# [BRIEF]
Once the pictures are removed, restate the listing word for word.

|---|

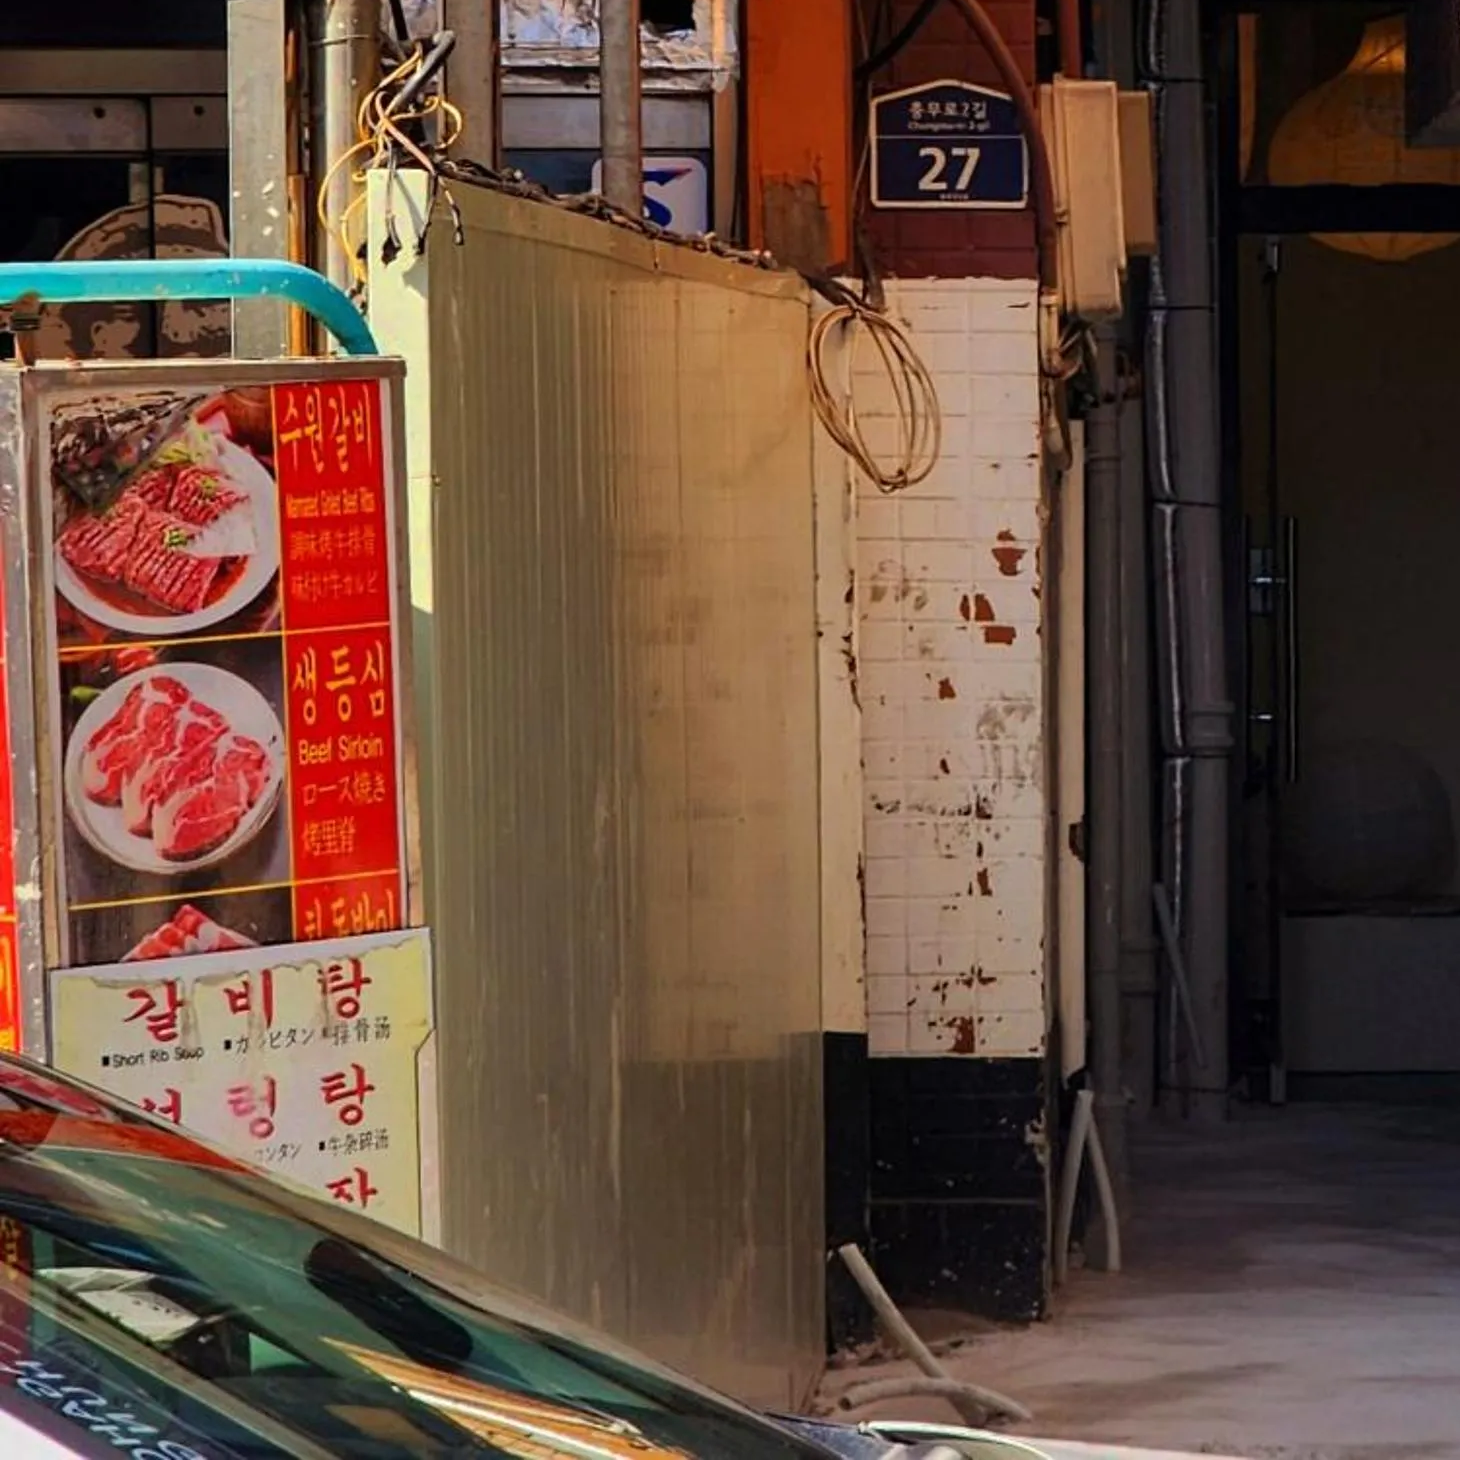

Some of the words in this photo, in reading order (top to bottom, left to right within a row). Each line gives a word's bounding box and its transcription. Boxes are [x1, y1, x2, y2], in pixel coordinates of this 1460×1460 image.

[918, 146, 981, 191] 27
[280, 383, 374, 474] 수원갈비
[292, 639, 385, 726] 생등심
[299, 736, 333, 765] Beef
[150, 1049, 170, 1063] Rib
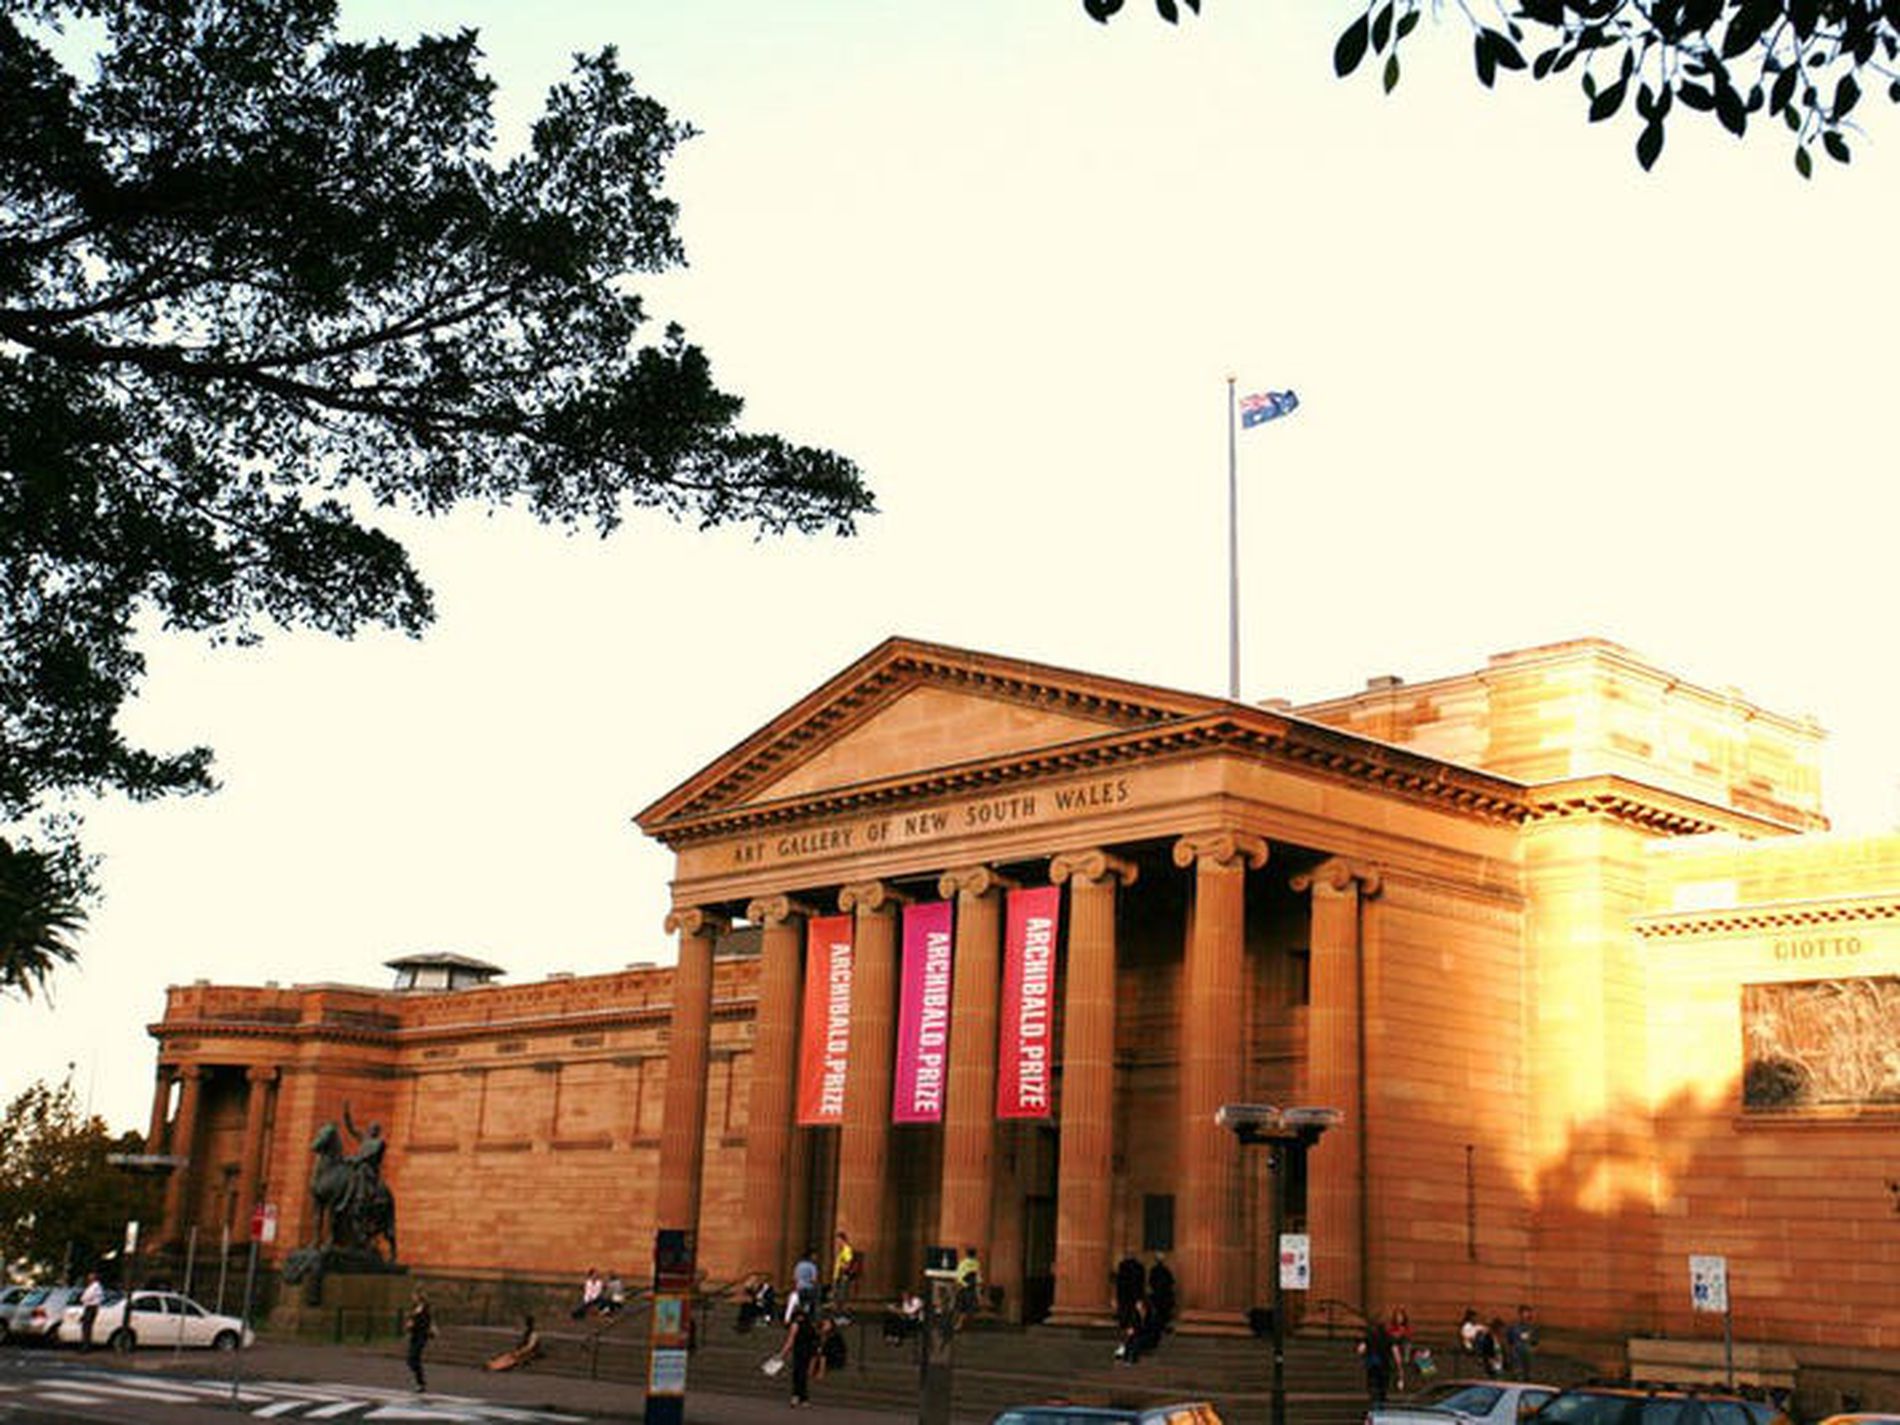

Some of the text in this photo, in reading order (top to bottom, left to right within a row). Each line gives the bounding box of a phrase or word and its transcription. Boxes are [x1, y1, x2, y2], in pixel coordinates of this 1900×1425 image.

[734, 780, 1129, 862] ART GALLERY OF NEW SOUTH WALES
[1774, 937, 1861, 960] GIOTTO
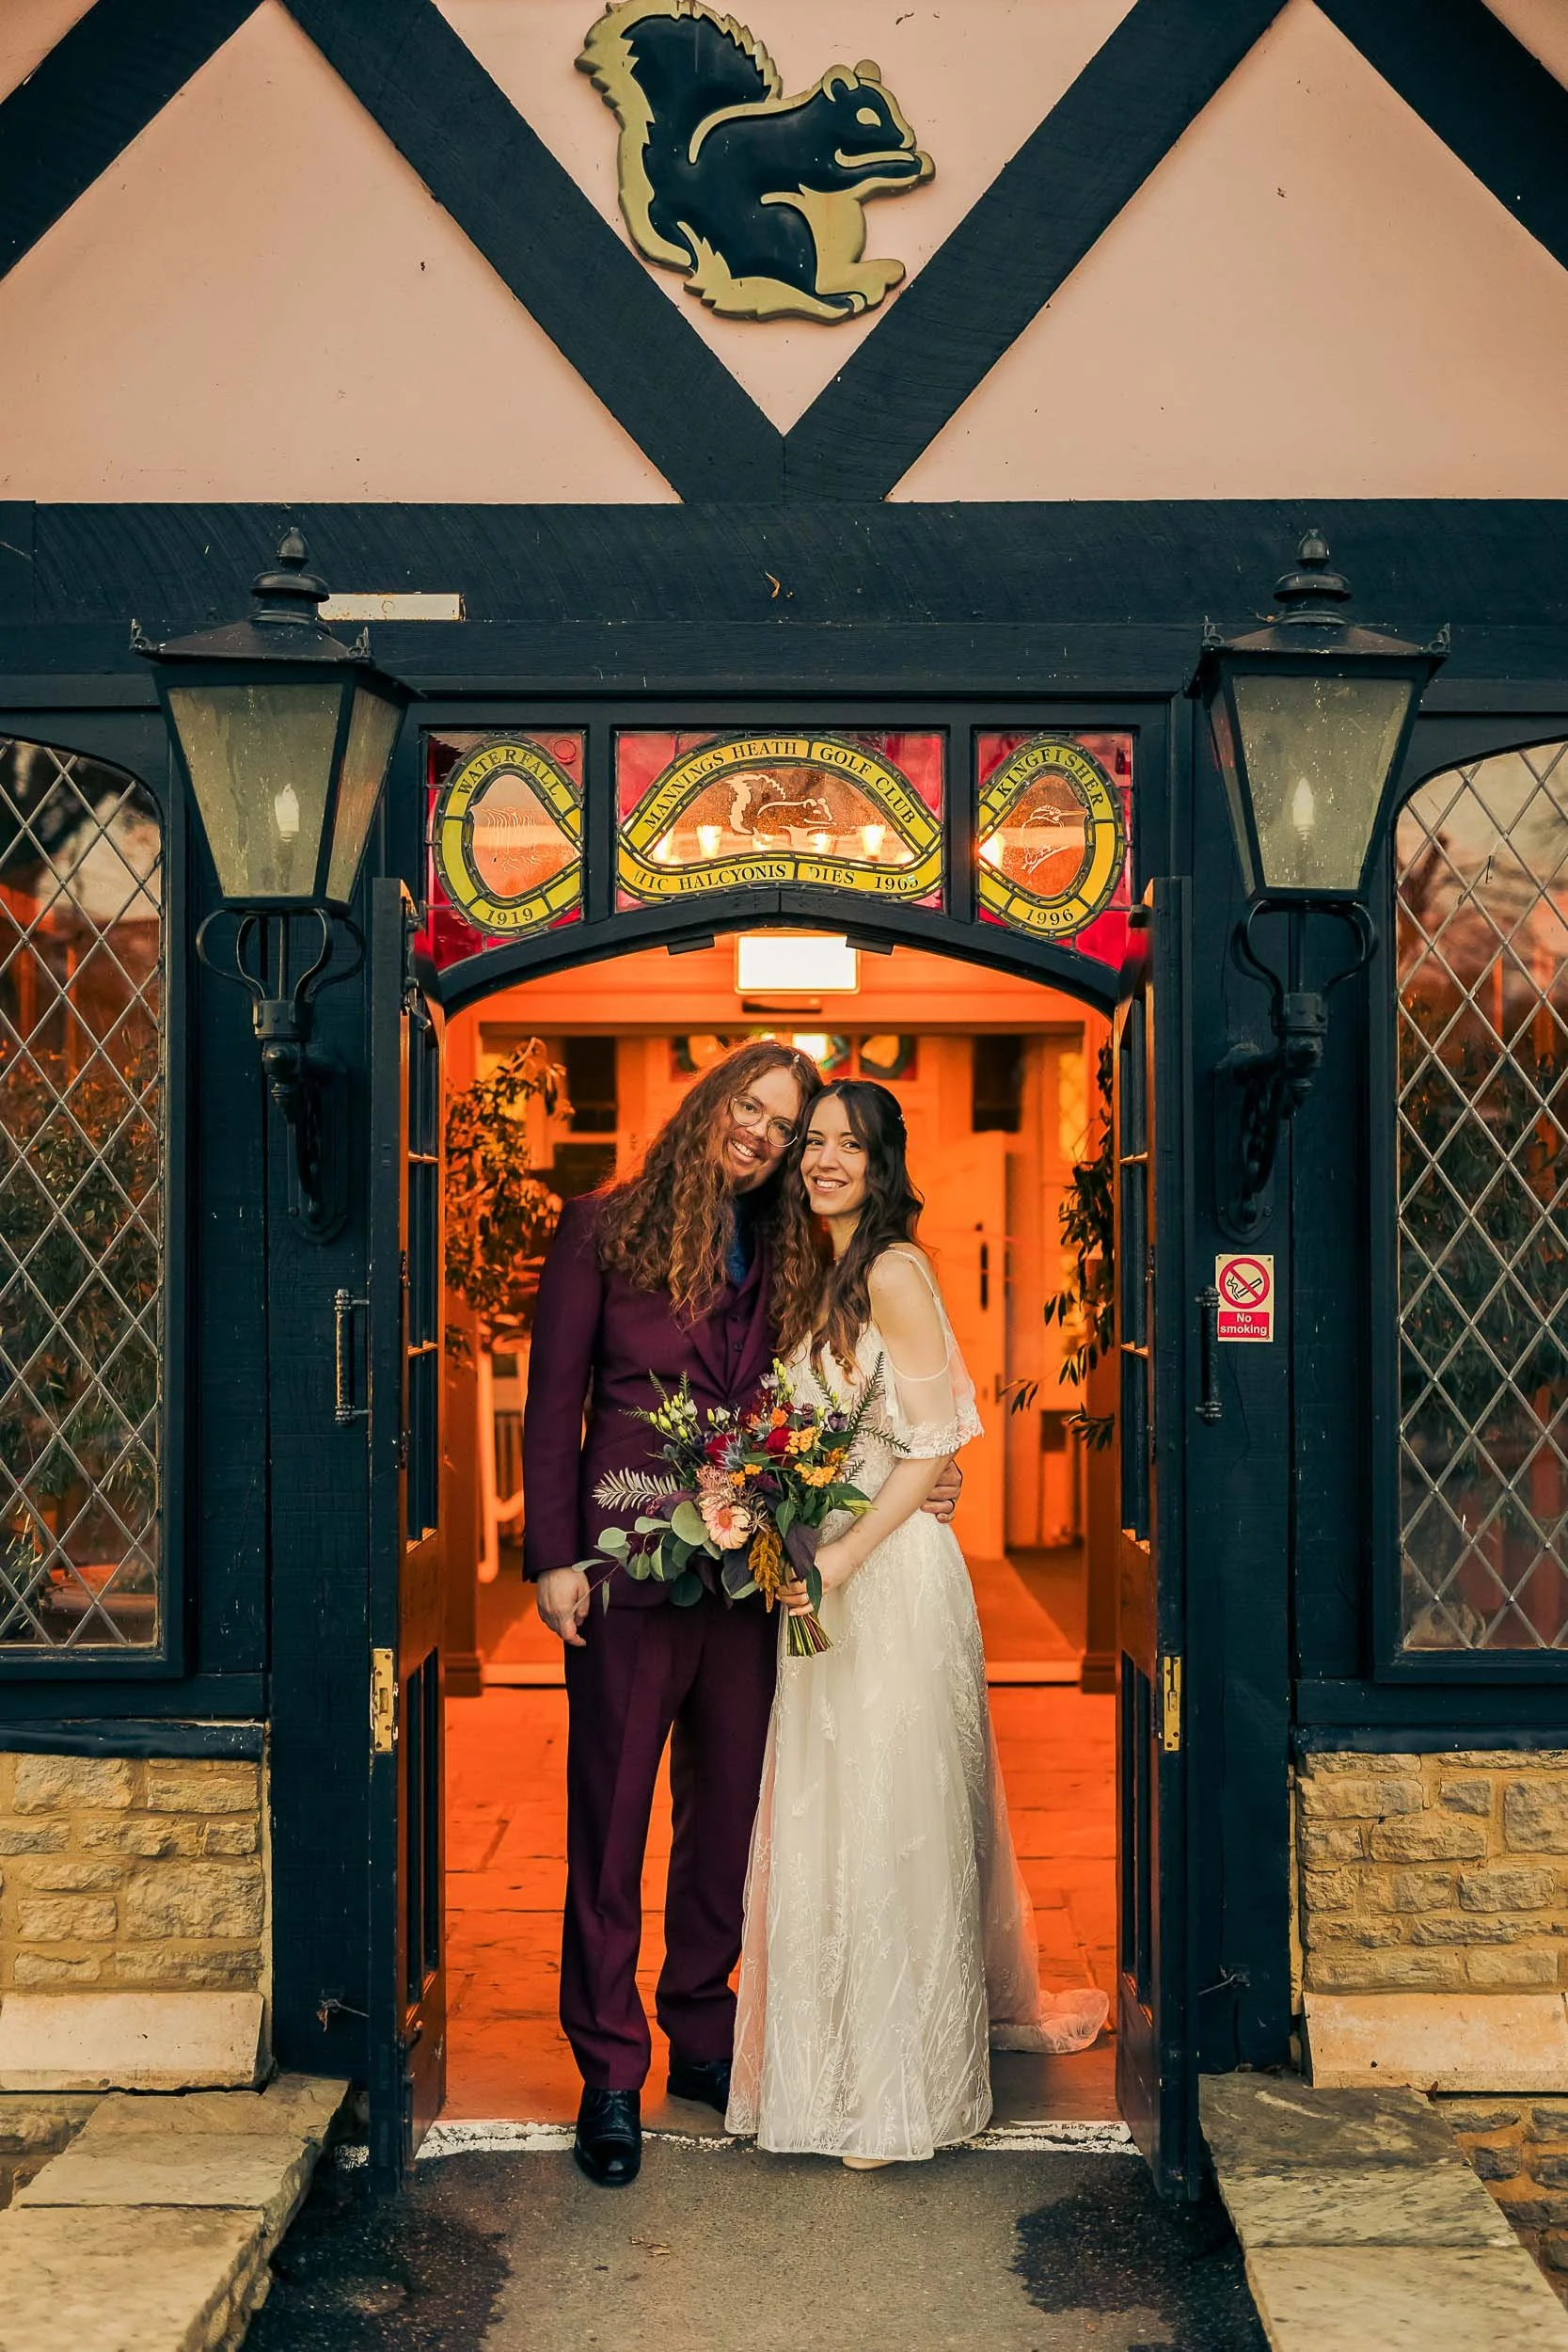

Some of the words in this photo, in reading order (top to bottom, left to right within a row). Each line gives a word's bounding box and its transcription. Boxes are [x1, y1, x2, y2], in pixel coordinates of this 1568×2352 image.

[457, 749, 558, 796] WATERFALL
[996, 748, 1104, 806] KINGFISHER
[644, 752, 724, 830] MANNINGS
[732, 741, 798, 759] HEATH
[819, 747, 872, 776] GOLF
[875, 776, 915, 823] CLUB
[634, 870, 669, 892] HIC
[677, 865, 787, 892] HALCYONIS
[808, 866, 855, 885] DIES
[484, 907, 533, 925] 1919
[1025, 908, 1074, 926] 1996
[1236, 1312, 1252, 1323] No
[1220, 1324, 1267, 1336] smoking

|---|

# [ANSWER TO THE PROBLEM]
Some of the words in this photo, in reading order (top to bottom, left to right within a row). Each line gives a word's bounding box and its transcription. Boxes are [x1, y1, x2, y2], in pixel coordinates of this 1460×1460 image.

[918, 146, 981, 191] 27
[280, 383, 374, 474] 수원갈비
[292, 639, 385, 726] 생등심
[299, 736, 333, 765] Beef
[150, 1049, 170, 1063] Rib

Some of the text in this photo, in reading order (top to bottom, left to right within a row). Each line gives the bounding box of a phrase or word and its transcription. Boxes are [x1, y1, x2, y2], in pixel coordinates of this 1900×1425 image.

[734, 780, 1129, 862] ART GALLERY OF NEW SOUTH WALES
[1774, 937, 1861, 960] GIOTTO

Some of the words in this photo, in reading order (top to bottom, left to right within a row). Each line gives a word's bounding box and its transcription. Boxes are [x1, y1, x2, y2], in pixel coordinates of this 1568×2352 image.

[457, 749, 558, 796] WATERFALL
[996, 748, 1104, 806] KINGFISHER
[644, 752, 724, 830] MANNINGS
[732, 741, 798, 759] HEATH
[819, 747, 872, 776] GOLF
[875, 776, 915, 823] CLUB
[634, 870, 669, 892] HIC
[677, 865, 787, 892] HALCYONIS
[808, 866, 855, 885] DIES
[484, 907, 533, 925] 1919
[1025, 908, 1074, 926] 1996
[1236, 1312, 1252, 1323] No
[1220, 1324, 1267, 1336] smoking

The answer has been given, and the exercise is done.